1 The effects of sodium nitroprusside (SNP) and diethylenetriamine/nitric oxide adduct (DETA/NO), putative nitric oxide (NO) donors, on opossum oesophageal longitudinal smooth muscle were investigated using isometric tension and intracellular micro‐electrode recordings. 2 SNP produced concentration‐dependent contractions of oesophageal longitudinal smooth muscle with an EC 50 of 239.6 ± 78.2 μ m (mean ± s.e.m. , n = 10 ). Maximal contraction induced by SNP (1 m m ) was about 75.5 ± 8.5 % ( n = 10 ) of the 60 m m KCl‐induced contraction. The SNP‐induced contraction was resistant to tetrodotoxin (TTX; 1 μ m ), but abolished by nifedipine (1 μ m ), as well as by niflumic acid (300 μ m ) and 9‐anthroic acid (9‐AC; 1 m m ), Ca 2+ ‐activated Cl − channel blockers. 3 DETA/NO at concentrations of 100 and 500 μ m induced 83.1 ± 24.4 and 104.1 ± 34.9 % of the 60 m m KCl‐induced contraction ( n = 4 ), respectively, which was abolished by nifedipine (1 μ m ), niflumic acid (300 μ m ) and 9‐AC (1 m m ). 4 Pre‐application of 1H‐[1,2,4]oxidiazolo[4,3,‐α]quinoxalin‐1‐one (ODQ) (10 μ m ), a guanylate cyclase inhibitor, significantly inhibited the SNP‐induced contraction, whereas 8‐bromo‐cGMP (1 m m ), a membrane‐permeable analogue of cGMP, mimicked the SNP‐induced contraction. 5 Intracellular recordings revealed that SNP (300 μ m ) depolarized resting membrane potentials (RMPs) and increased the frequency of spontaneous spike‐like action potentials.
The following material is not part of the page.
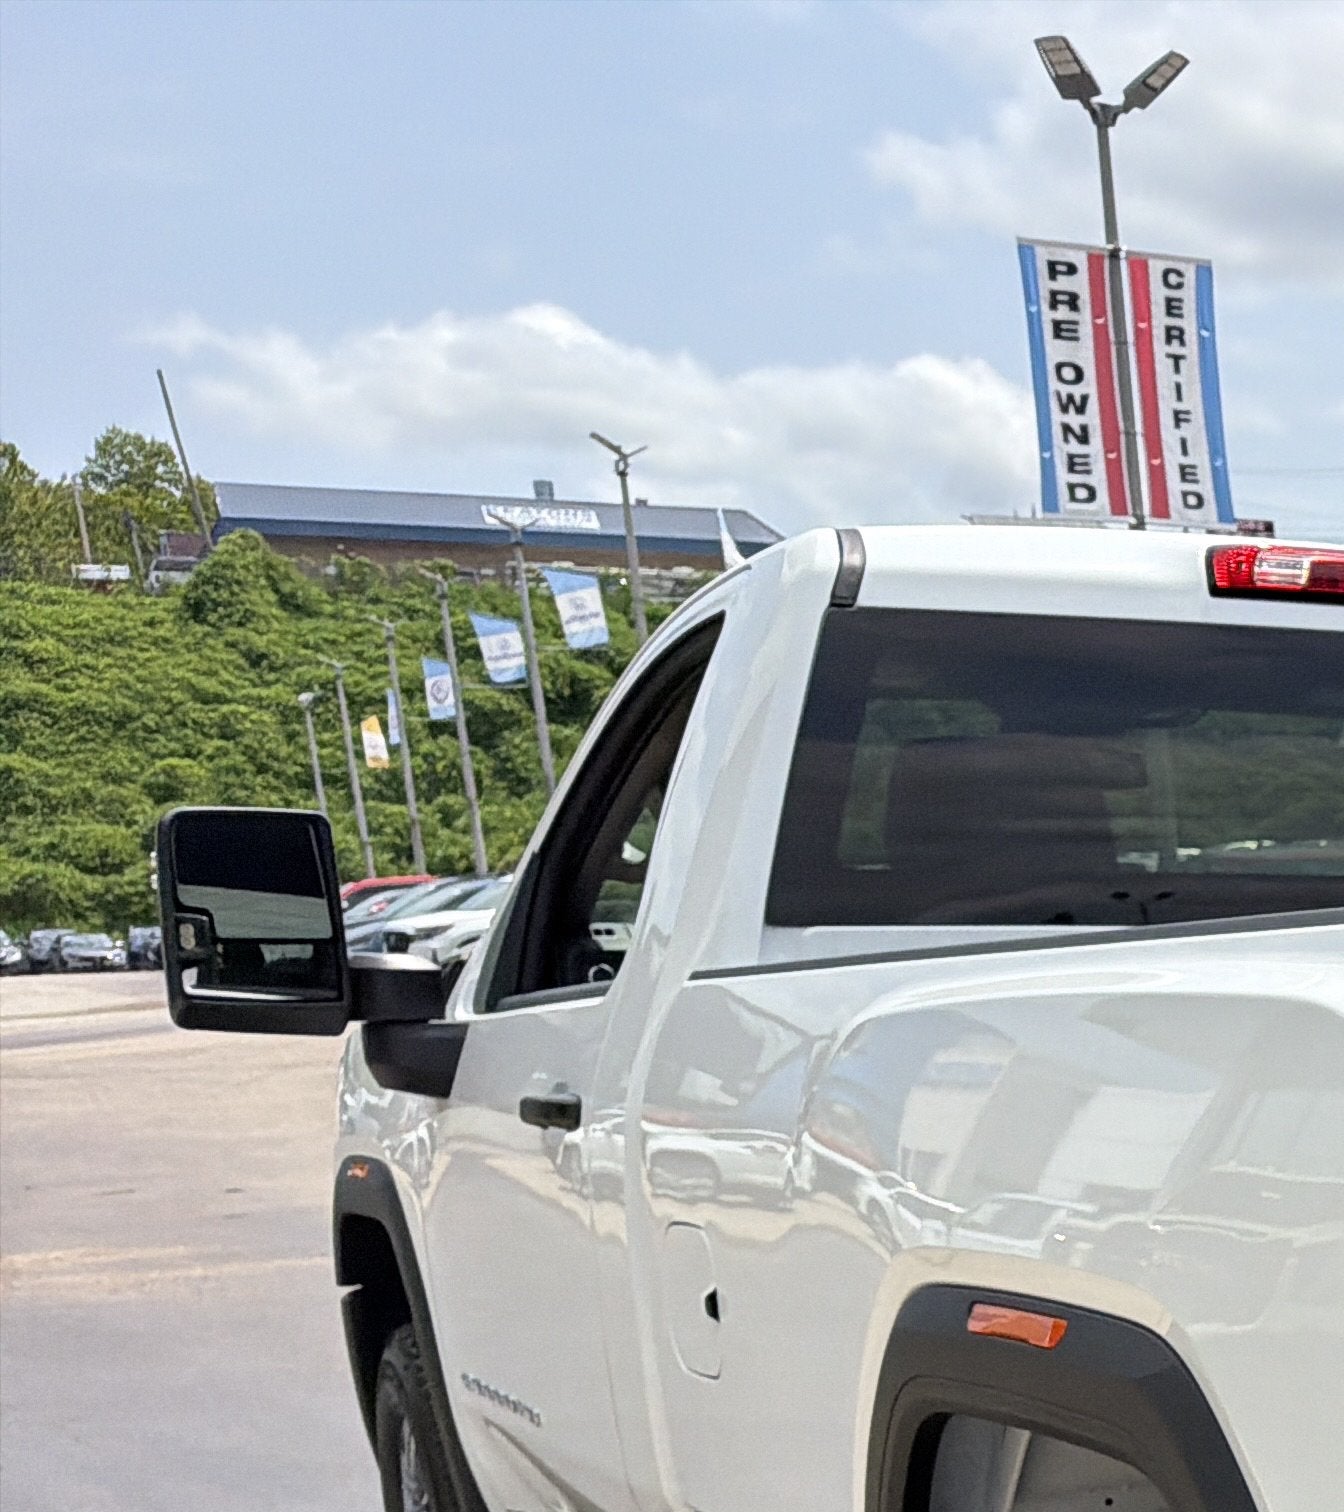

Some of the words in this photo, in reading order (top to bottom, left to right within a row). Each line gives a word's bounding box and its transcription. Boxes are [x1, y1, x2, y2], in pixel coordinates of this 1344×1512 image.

[1046, 259, 1081, 342] PRE
[1054, 361, 1097, 504] OWNED
[1160, 267, 1205, 511] CERTIFIED
However, these electrical alterations were eliminated by pretreatment with niflumic acid (300 μ m ). 6 These results suggest that NO produces an excitation‐contraction coupling in opossum oesophageal longitudinal smooth muscle via a cGMP‐dependent signalling pathway. This contraction depends on extracellular Ca 2+ entry through activation of L‐type Ca 2+ channels.